Control groups, part 5: The cgroup hierarchy

Posted Jul 31, 2014 22:56 UTC (Thu) by Cyberax (✭ supporter ✭, #52523)
In reply to: Control groups, part 5: The cgroup hierarchy by neilbrown
Parent article: Control groups, part 5: The cgroup hierarchy

Probably a bit of both. An interface with integer handles is not easy to use - nice textual names instead of major:minor pairs would have helped a lot. Then there's the problem with error messages (they are opaque) and discoverability of settings.

And conceptually I never understood why qdisc is separate from iptables.

Control groups, part 5: The cgroup hierarchy

Posted Aug 6, 2014 7:05 UTC (Wed) by kleptog (subscriber, #1183) [Link] (1 responses)

As an interface to the kernel integer handles are fine, see file descriptors for example.

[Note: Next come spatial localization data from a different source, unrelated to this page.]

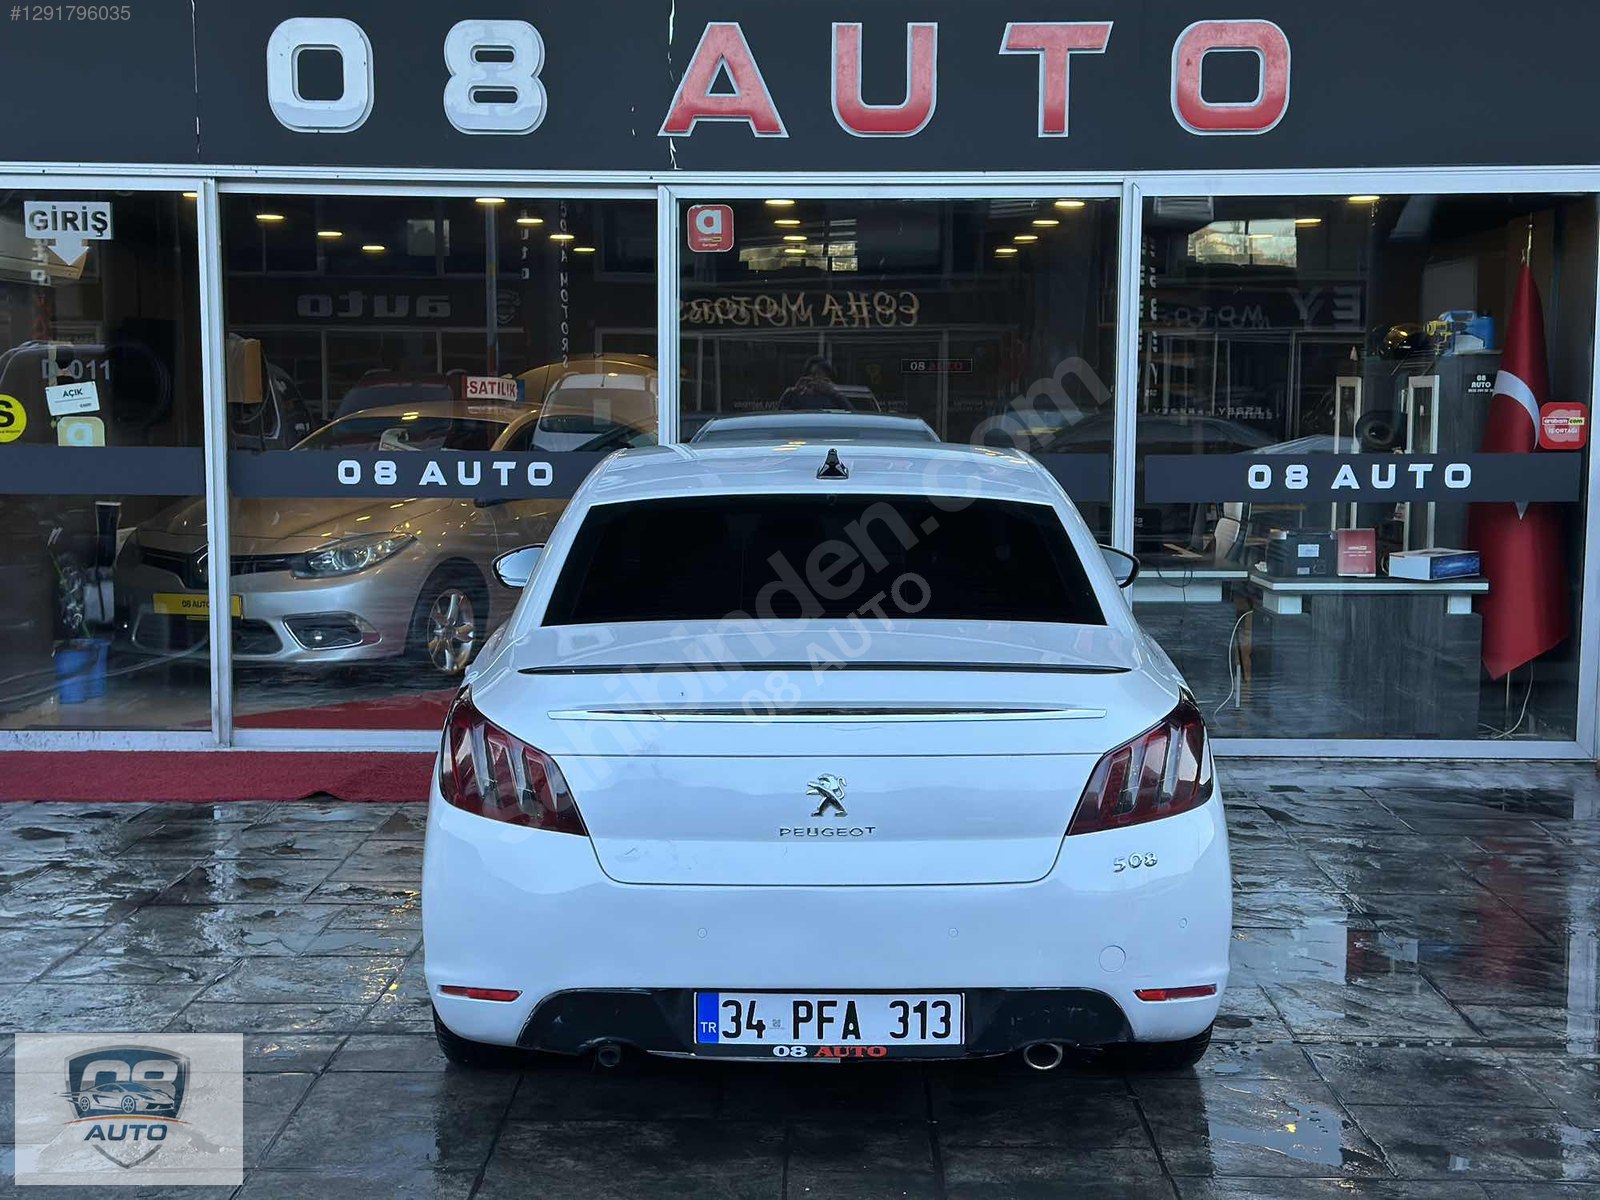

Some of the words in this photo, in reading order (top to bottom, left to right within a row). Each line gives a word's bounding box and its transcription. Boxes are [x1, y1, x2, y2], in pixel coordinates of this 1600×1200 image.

[266, 17, 548, 135] 08
[658, 19, 1291, 138] AUTO
[30, 205, 109, 238] GİRİŞ
[62, 388, 84, 398] AÇIK
[1471, 381, 1492, 389] AUTO
[337, 460, 398, 486] 08
[418, 461, 554, 487] AUTO
[1247, 464, 1309, 490] 08
[1331, 463, 1472, 490] AUTO
[779, 826, 877, 837] PEUGEOT
[1112, 852, 1158, 872] 508
[701, 1021, 717, 1033] TR
[721, 999, 766, 1039] 34
[792, 1000, 861, 1040] PFA
[889, 1000, 952, 1040] 313
[772, 1046, 807, 1057] 08
[814, 1046, 888, 1057] AUTO

But as a method of control by humans they are horrid. What was (is?) really needed is some kind of declarative language where you could describe what you want to achieve and then some compiler would compile that into a tc commands for you.

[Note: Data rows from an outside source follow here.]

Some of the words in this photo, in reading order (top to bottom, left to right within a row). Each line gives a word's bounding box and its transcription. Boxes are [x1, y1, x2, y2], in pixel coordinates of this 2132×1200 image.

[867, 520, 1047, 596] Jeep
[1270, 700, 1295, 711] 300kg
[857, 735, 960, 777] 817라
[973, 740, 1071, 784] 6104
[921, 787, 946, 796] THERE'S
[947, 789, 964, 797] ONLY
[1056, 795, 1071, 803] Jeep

Control groups, part 5: The cgroup hierarchy

Posted Jan 22, 2015 1:46 UTC (Thu) by ras (subscriber, #33059) [Link]

These is (or was) such a thing. It's called tcng. Sadly it's been unmaintained for a over a decade now.

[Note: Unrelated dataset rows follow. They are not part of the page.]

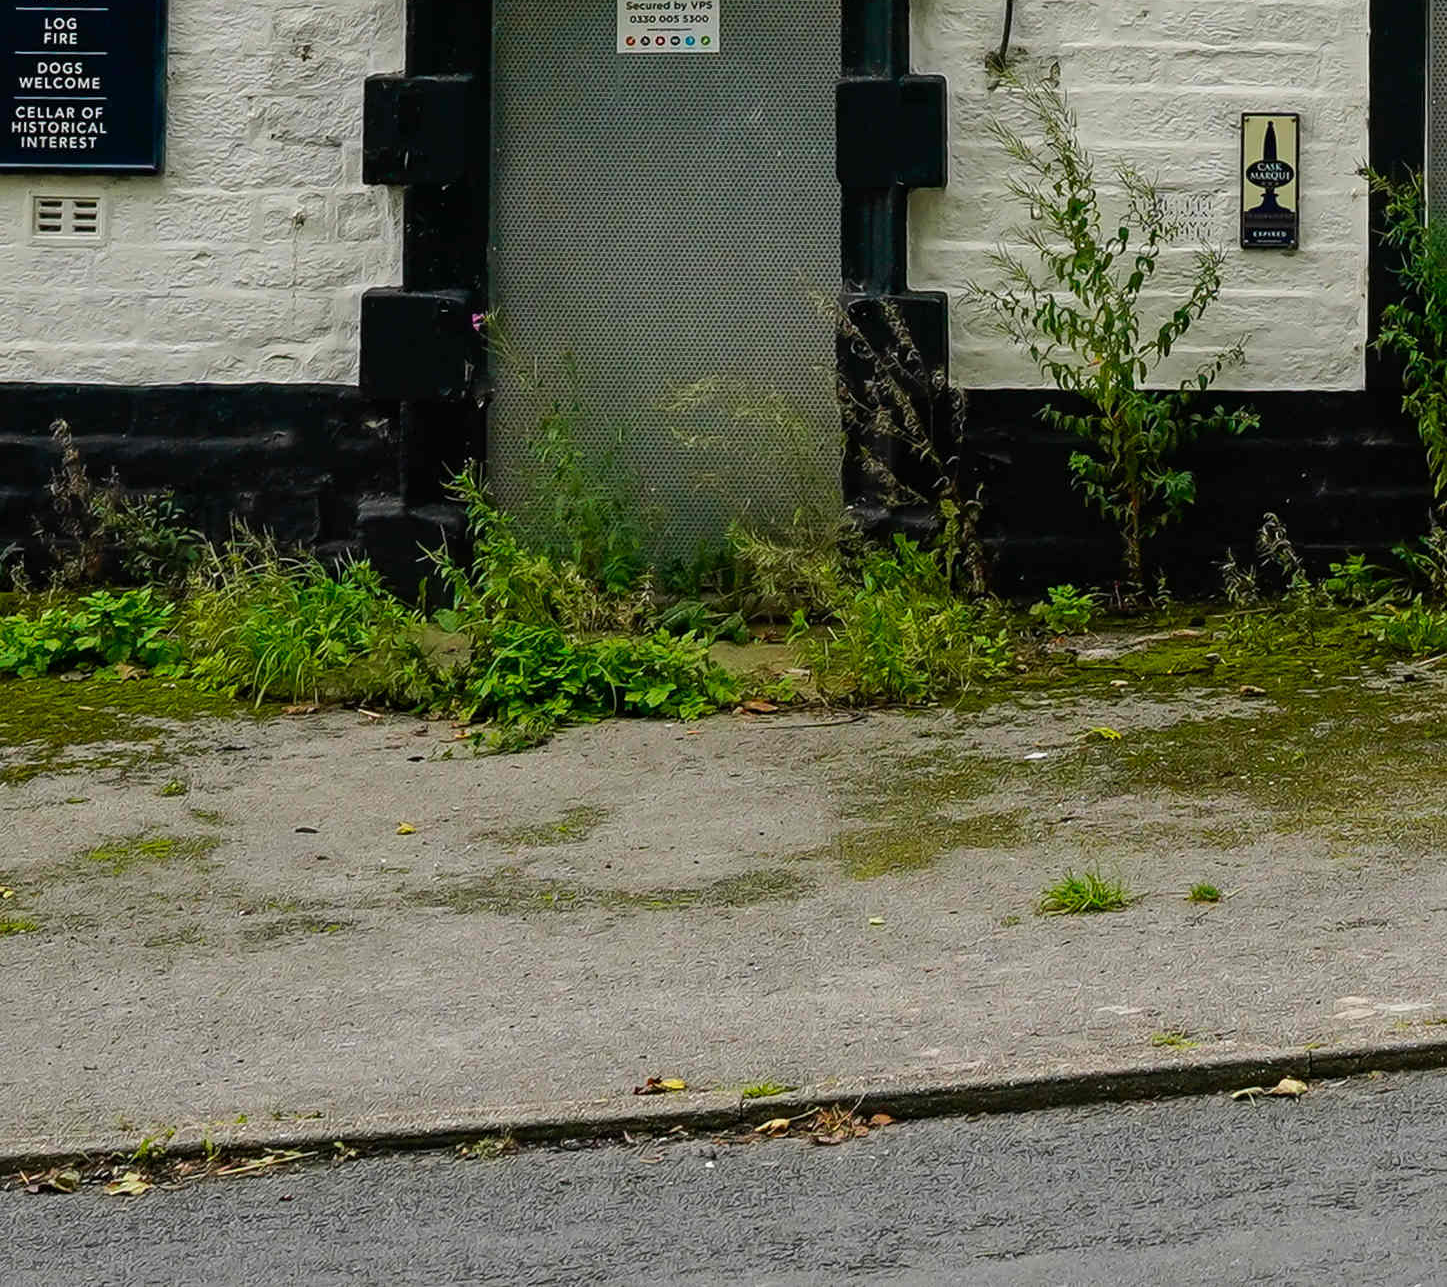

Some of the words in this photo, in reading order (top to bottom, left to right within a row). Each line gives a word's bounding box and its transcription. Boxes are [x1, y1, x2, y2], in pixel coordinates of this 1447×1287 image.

[626, 1, 671, 11] Secured
[674, 1, 688, 11] by
[690, 0, 713, 10] VPS
[44, 17, 78, 30] LOG
[630, 15, 657, 24] 0330
[659, 15, 680, 24] 005
[683, 15, 709, 23] 5300
[43, 32, 78, 45] FIRE
[37, 62, 83, 74] DOGS
[19, 77, 101, 89] WELCOME
[15, 106, 75, 119] CELLAR
[81, 107, 104, 119] OF
[11, 121, 108, 134] HISTORICAL
[21, 136, 98, 149] INTEREST
[1257, 162, 1282, 172] CASK

A for the earlier comment "we should just use iptables", the reason hard core tc user doesn't want that is speed. Yes, iptables is easy to use, but it's naturally linear. A packet going through 20 or 30 rules is not at all uncommon. Yes, you can code your rules so that doesn't happen, but then it's not so easy to use. With tc's u32 on the other hand you don't have a choice. Every rule is just a 32 bit load, mask and compare, and possibly a jump via a hash table. You tend to use hash tables, so the number of rules evaluated is stuff all. As a consequence it runs like a scalded cat. There is some syntatic sugar, but it has the effect of turning what is essentially a machine language into assembler language.

But yes, speed concerns aside using one filtering language every place a filter is used seems like it would be a utopia compared to what we have now. And there are a lot of such places - ip route, ip rule, iptables, and u32 spring to mind. But if you are going to do that speed is of the absolute essence. A declarative language that is easily compiled and optimised into something like a u32 virtual machine seems like it could work.

I had hoped nftables give us an interface like that, but as far as I can tell it doesn't quite get there. It's compiled and all, but it is still encourages the user write a set of rules that are executed linearly. That makes it hard to optimise it to the same extent a hand u32 filter would be.